Compared to established paper-based ways of episode diagnosis this app results in far fewer misdiagnoses-−8% as opposed to 25% in the study of Anand (12) which used a pragmatically-derived algorithm. Comparative data from the WHO mhGap algorithm6 (also available as an app) have not been published. At present the basic version of the Epilepsy Diagnosis Aid app is available free from the Google Playstore and Apple app stores.

A similar tool for children has been described and validated (13, 14). This uses a pragmatic rather than a Bayesian approach but has not been presented as an app.

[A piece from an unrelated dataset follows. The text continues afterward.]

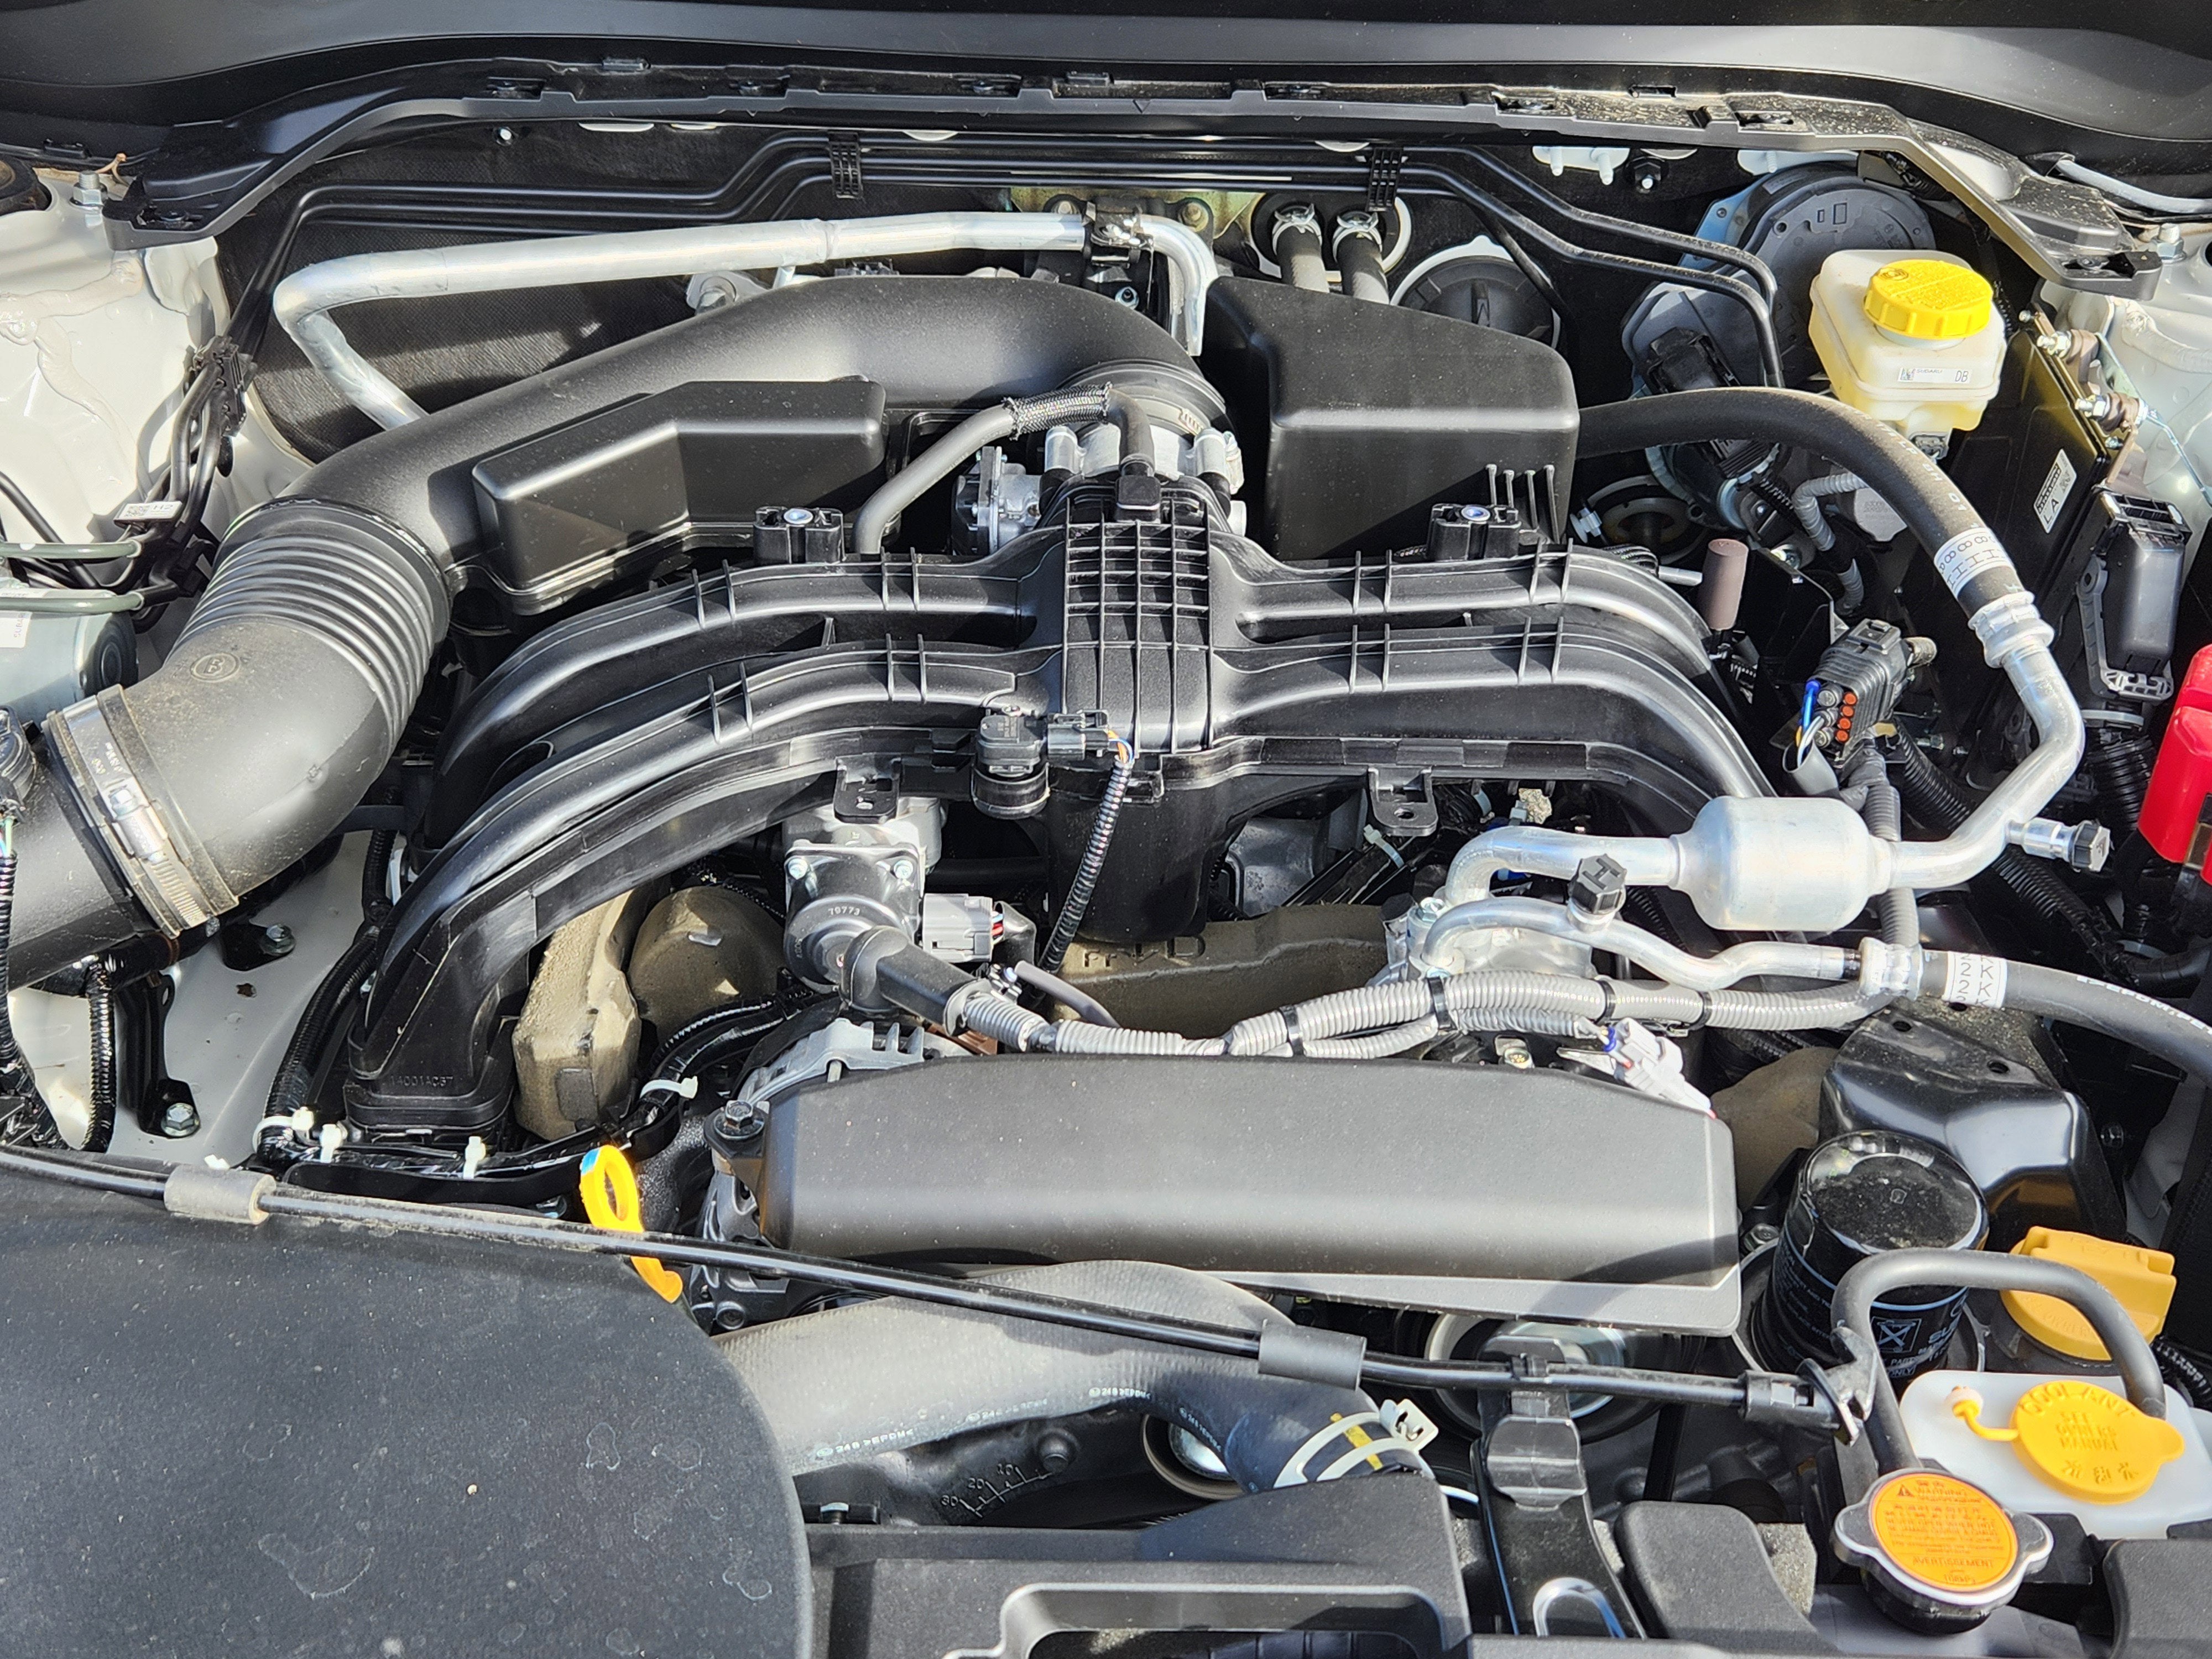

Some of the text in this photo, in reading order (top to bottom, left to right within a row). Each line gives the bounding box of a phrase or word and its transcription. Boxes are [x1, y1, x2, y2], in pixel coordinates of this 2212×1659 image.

[1582, 858, 1620, 890] H
[2019, 1382, 2136, 1417] COOLANT
[968, 1477, 985, 1490] 20

A Combined Telemedicine Approach in Nepal

But this app on its own does not empower NPHWs to diagnose and manage epilepsy as envisaged by the WHO. It needs something added. In a study from Myagdi, the rural district in Nepal referred to earlier we have done this (15). Here we trained some local villagers without any health background in epilepsy and in using the app. We provided them with some educational materials about epilepsy and sent them back to their villages to educate their communities about epilepsy and offer treatment. When these epilepsy field workers (EFWs -they were not even NPHWs) identified someone with possible epilepsy they were able to use the app and derive a probability score. They then telephoned an epilepsy specialist in Kathmandu who was able to talk to the patient, with the EFW present, and prescribe treatment which the EFW then arranged. The crux of this method is that knowing the app score, and having confidence in it, reduced substantially the time required for history taking and diagnosis by the specialist.

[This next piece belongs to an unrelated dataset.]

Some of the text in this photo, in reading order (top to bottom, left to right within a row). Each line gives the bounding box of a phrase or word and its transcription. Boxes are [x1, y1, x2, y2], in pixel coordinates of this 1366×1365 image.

This combined telemedicine approach was judged for the dimensions of quality as defined by the US Institute of Medicine (16)—safety, effectiveness, efficiency, equity, patient-centredness, and timeliness. For safety, PWE were assessed where possible face-to-face by a different epilepsy specialist to look for misdiagnosis and none was found. There was no excess mortality and reported AED side-effects were only 5% (15). Most people had significant reductions in their seizures and most patients were highly satisfied with the service which did not involve them in any significant travel. The epilepsy treatment gap was reduced from 43 to 9%, some patients opting not to take AEDs. It provided much better use of the epilepsy specialist's time.

The advantages of this approach is that the EFWs can contribute to the other public health aspects of epilepsy referred to earlier—awareness, identification, and prevention.

Review by Telephone

Of all telemedicine techniques the telephone is perhaps the most potent especially with the advent of the mobile phone which make it both ubiquitous and portable. Its commonest use in epilepsy in both high- and low-income countries is to obtain an eye-witness account of an episode where the patient is in the clinic but the eye-witness is somewhere else. There is little published on this probably because it is so obviously beneficial. The telephone is also used extensively by epilepsy specialists in high-income countries, both nurses and doctors.

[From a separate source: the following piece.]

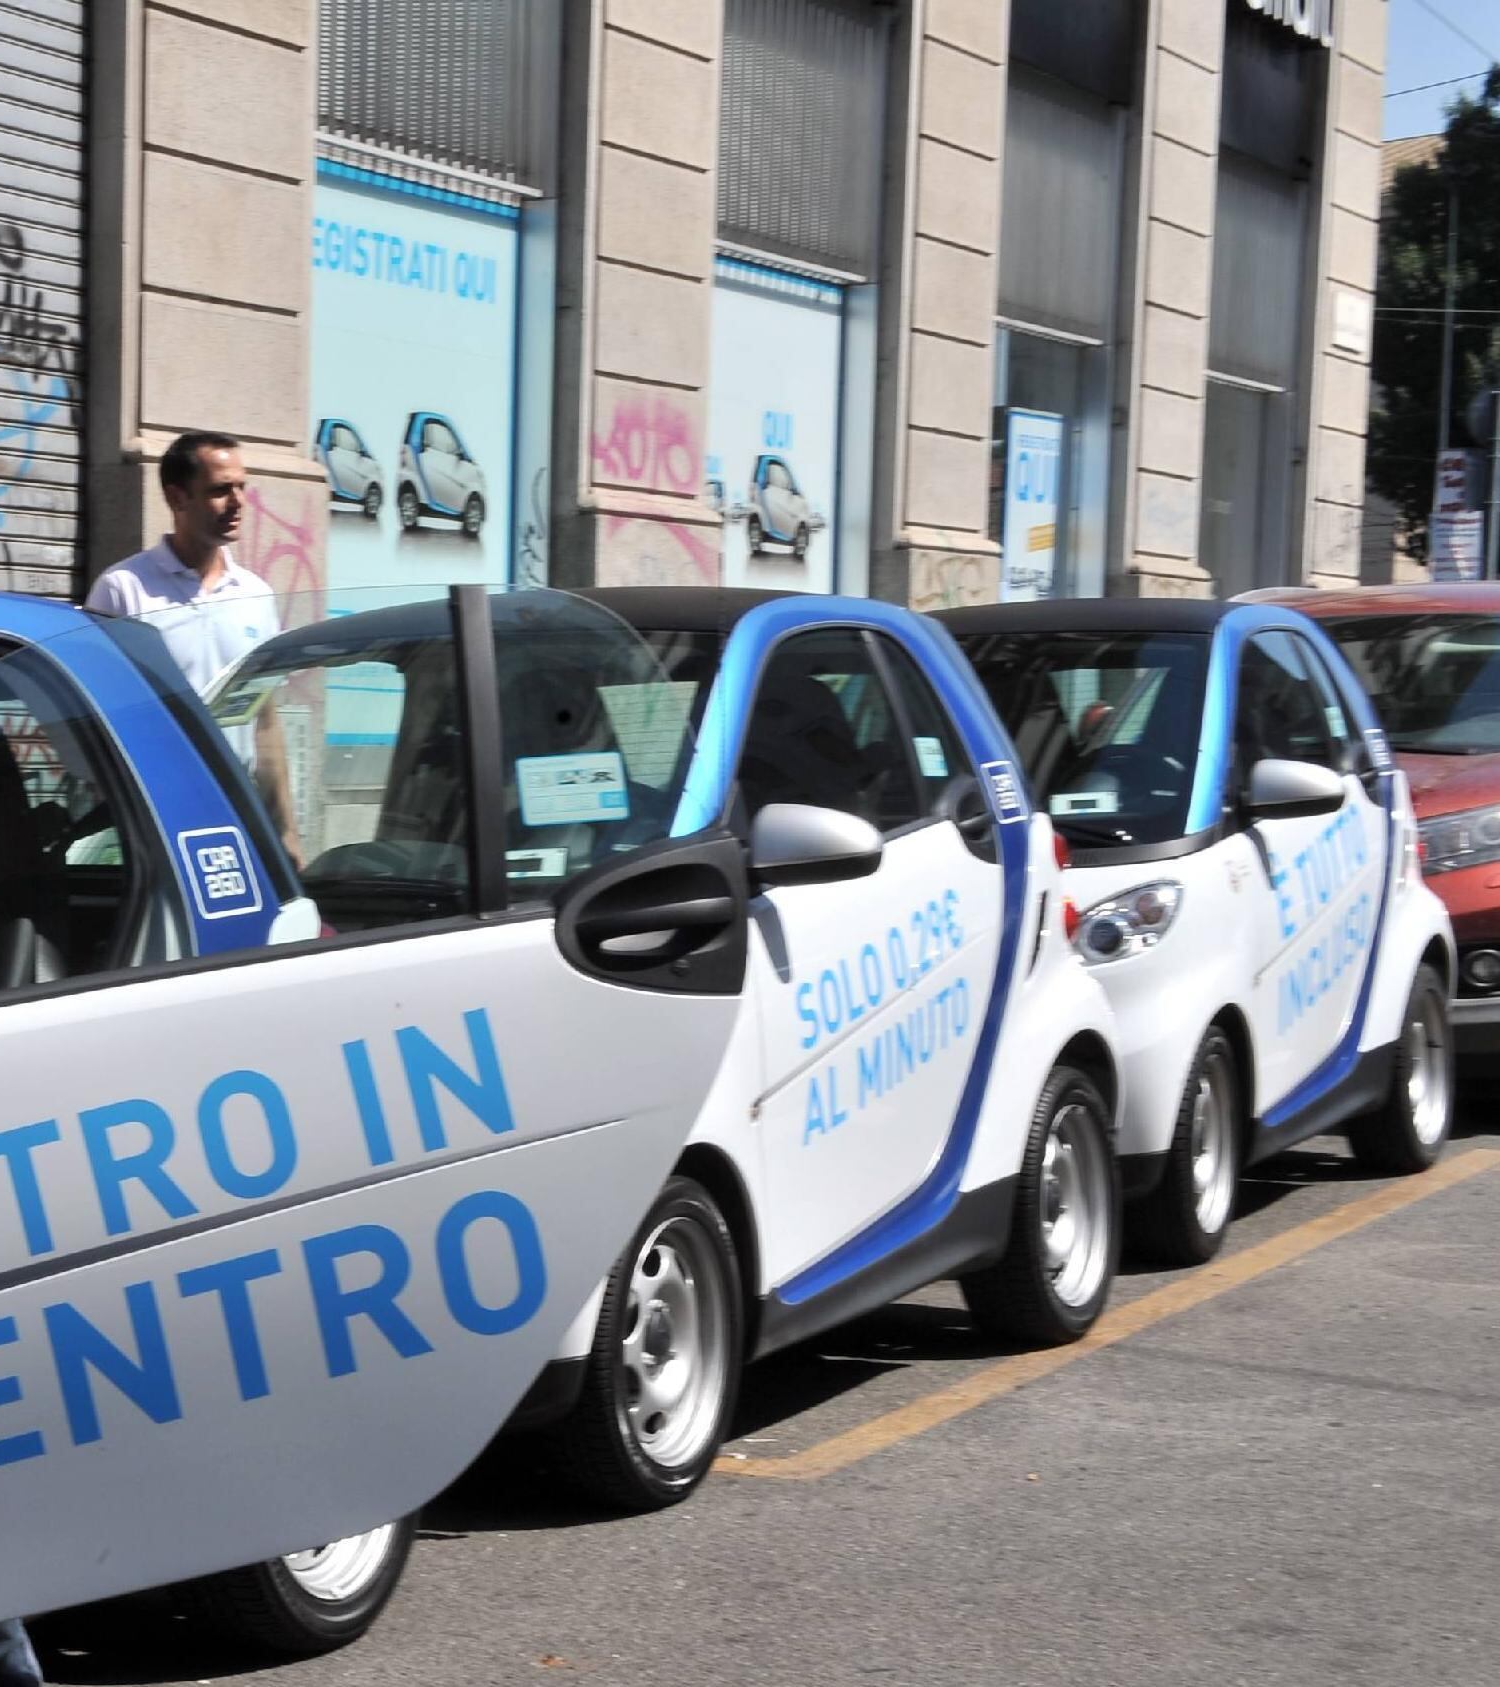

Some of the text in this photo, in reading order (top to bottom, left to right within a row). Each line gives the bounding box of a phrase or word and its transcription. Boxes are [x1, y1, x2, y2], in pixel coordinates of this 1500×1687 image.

[312, 217, 497, 305] EGISTRATI QUI
[795, 942, 884, 1050] SOLO
[802, 976, 970, 1147] AL MINUTO
[341, 1007, 516, 1168] IN

The conventional method for reviewing PWE in both parts of the world is to have them come to see the specialist at a clinic, the location of this being at the specialist's convenience rather than that of the PWE. In a recent double-blind study from a large specialist epilepsy clinic in India (17), this approach was compared with telephone review in PWE whose epilepsy was judged stable. The authors found no difference in seizure control or adherence between the two groups but found that the PWE in the telephone group had considerably lower personal costs and were less likely to default from follow-up than the conventionally-managed group.

Email and Webservers

It is possible to exchange information between patients and doctors using email or text messaging and this is a widespread and informal method. But it is not likely to be generally applicable either because many PWE don't feel comfortable with email or their doctors don't want to share their email address.

A more beneficial method, however, is email communication between doctors or NPHWs in LMICs with specialists elsewhere. Again, this is often done informally but there are more formal systems for doing this such as the system run by Swinfen Telemedicine (18),7. This uses a webserver rather than email both for reasons of security and ease of record-keeping. This system, and the one run by the charity Médecins Sans Frontières (19), have treated PWE. These systems allow epilepsy specialists in high-income countries to contribute to the care of PWE in LMICs without leaving their offices.


The electroencephalogram (EEG) is a system whereby the brain's electrical activity is recorded through the skull. In between episodes this is surprisingly insensitive at diagnosing epilepsy. In a study from Bhutan the sensitivity of standard EEG was only 25% and that of a smartphone-based EEG system only 17% (20). The proper use of EEG is in the evaluation of those PWE whose epilepsy is not responding to AEDs and in whom surgery is being considered. This is not the most pressing problem for epilepsy management in resource-poor countries where up to 90% of PWE are not on any treatment. Another issue with EEGs is the reporting of the record which requires both experience and expertise, qualities not always available in resource-poor countries.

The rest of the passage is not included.